*WORK ORDER:* Every entry below has to appear again in your reply, word for word, but no picture may.

*DATA FOR PROCESSING:*
***

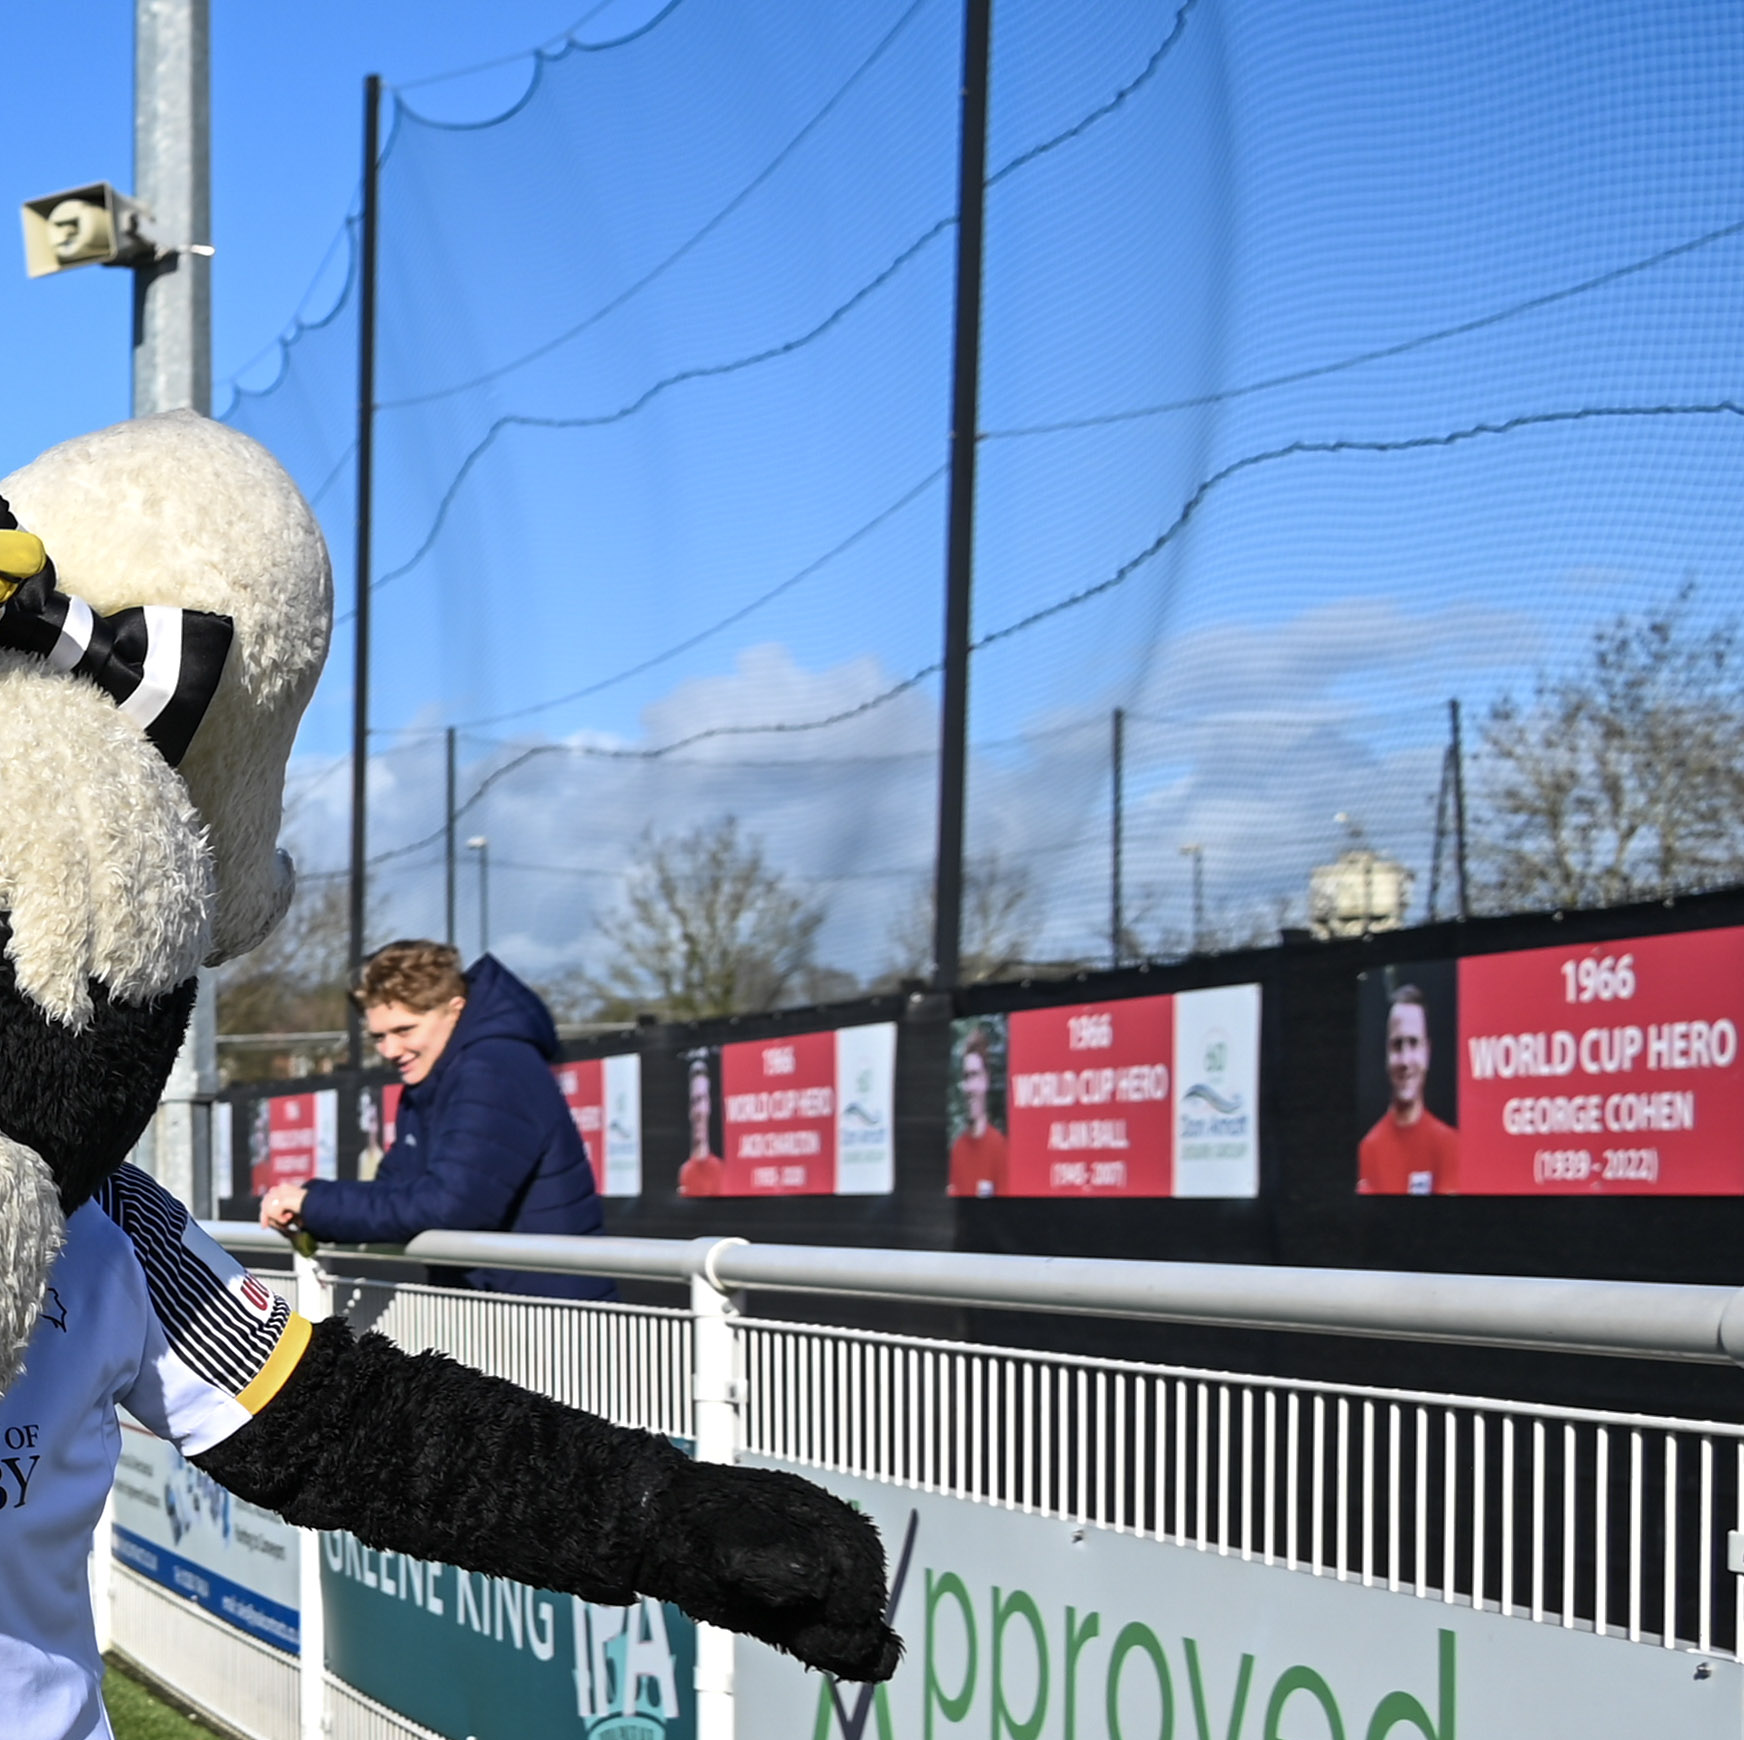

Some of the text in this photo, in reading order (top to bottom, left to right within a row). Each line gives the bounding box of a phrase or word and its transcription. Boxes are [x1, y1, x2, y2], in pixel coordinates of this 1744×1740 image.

[1560, 953, 1637, 1003] 1966
[1067, 1012, 1114, 1051] 1966
[1468, 1017, 1738, 1079] WORLD CUP HERO
[1012, 1062, 1170, 1108] WORLD CUP HERO
[1502, 1091, 1695, 1135] GEORGE COHEN
[1533, 1149, 1593, 1185] (1939
[1602, 1147, 1660, 1183] 2022)
[4, 1424, 40, 1450] OF
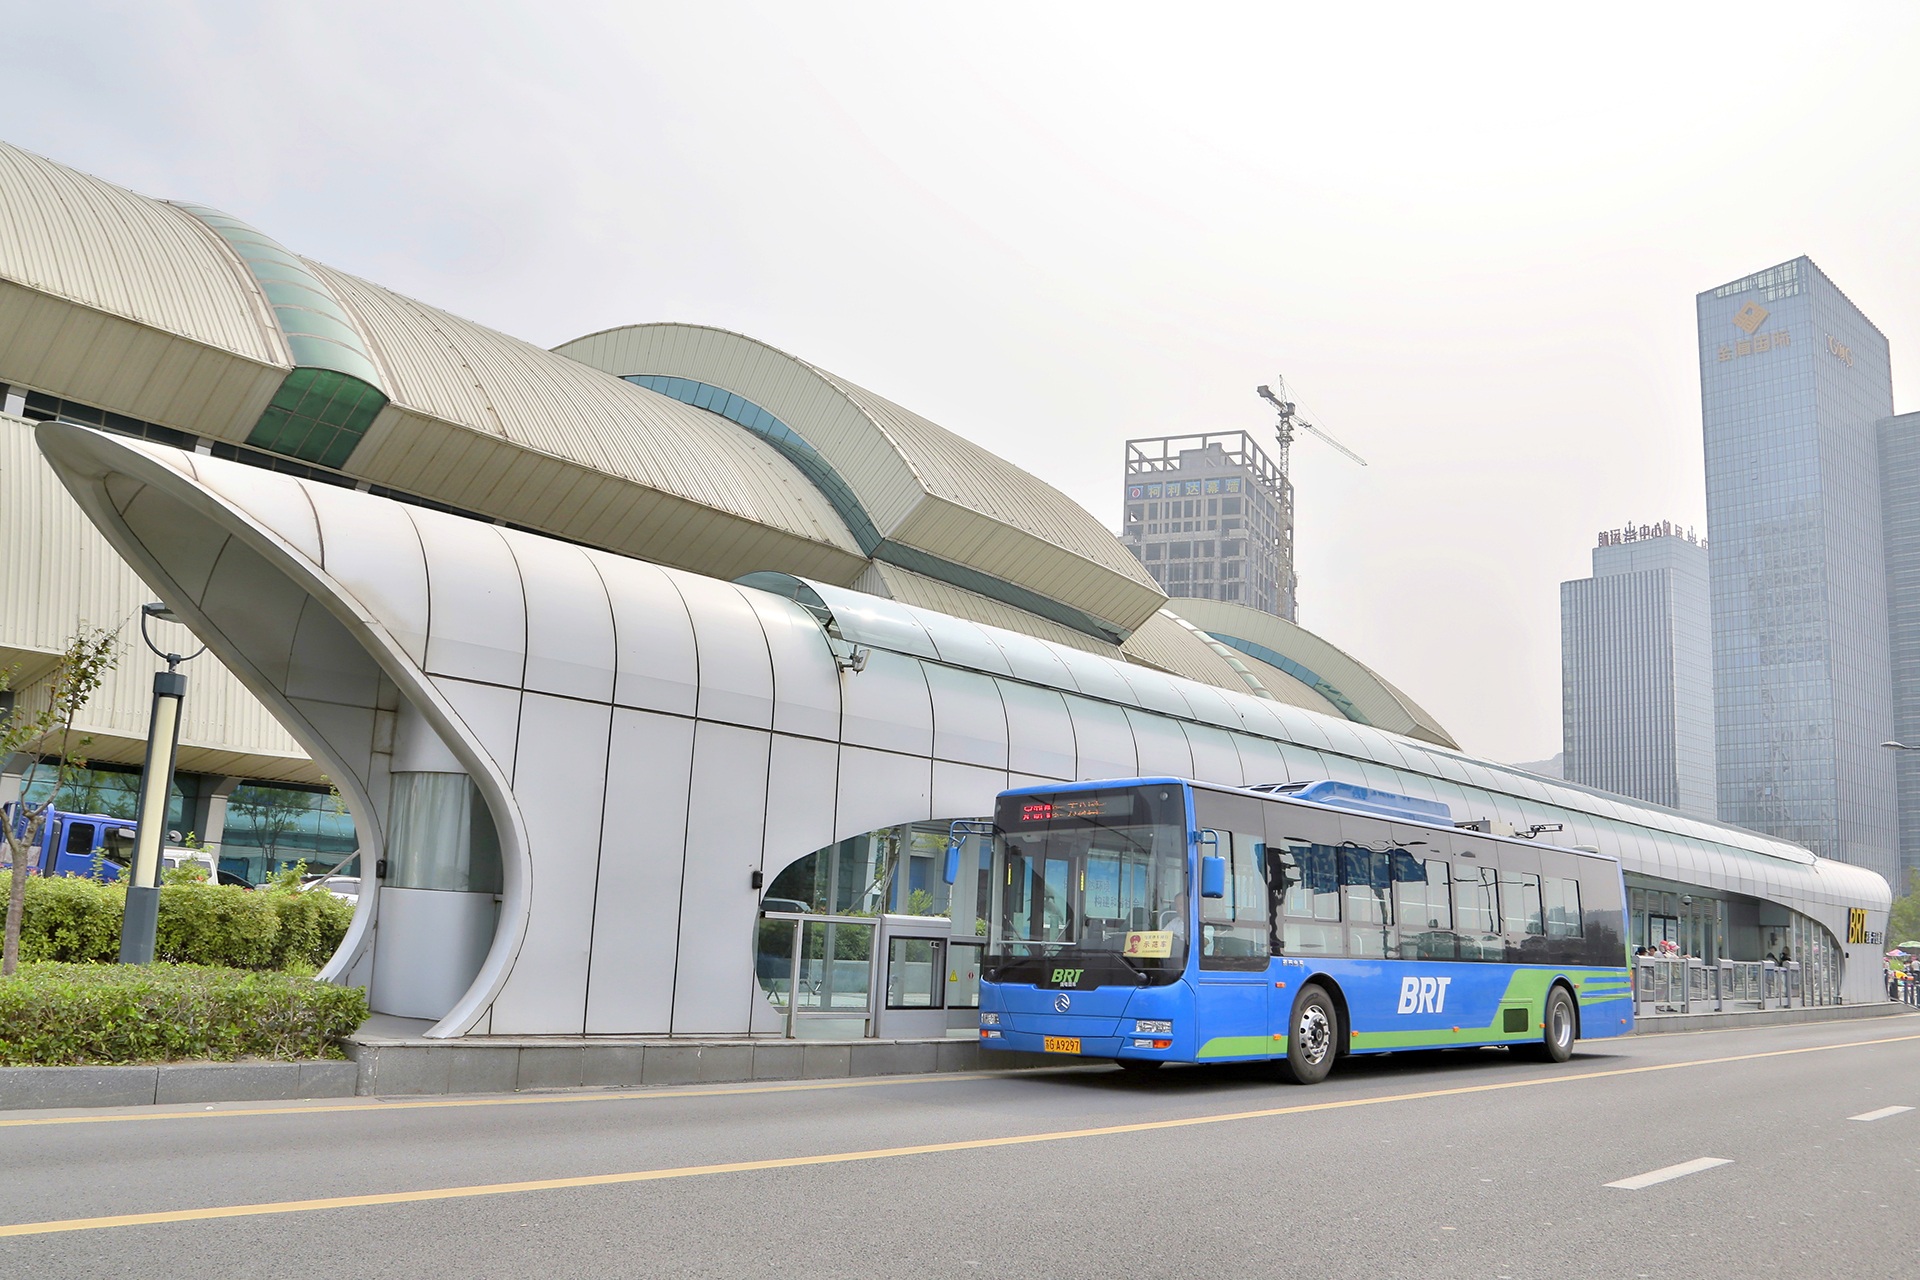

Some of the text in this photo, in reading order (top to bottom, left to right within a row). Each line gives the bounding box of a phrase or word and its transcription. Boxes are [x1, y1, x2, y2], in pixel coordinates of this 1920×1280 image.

***

*FINISHED TASK:*
Some of the text in this photo, in reading order (top to bottom, left to right within a row). Each line gives the bounding box of a phrase or word and its transcription. Boxes are [x1, y1, x2, y2], in pixel coordinates of this 1744×1740 image.

[1560, 953, 1637, 1003] 1966
[1067, 1012, 1114, 1051] 1966
[1468, 1017, 1738, 1079] WORLD CUP HERO
[1012, 1062, 1170, 1108] WORLD CUP HERO
[1502, 1091, 1695, 1135] GEORGE COHEN
[1533, 1149, 1593, 1185] (1939
[1602, 1147, 1660, 1183] 2022)
[4, 1424, 40, 1450] OF

Some of the text in this photo, in reading order (top to bottom, left to right within a row). Each line gives the bounding box of a phrase or word and its transcription. Boxes are [x1, y1, x2, y2], in pixel coordinates of this 1920×1280 image.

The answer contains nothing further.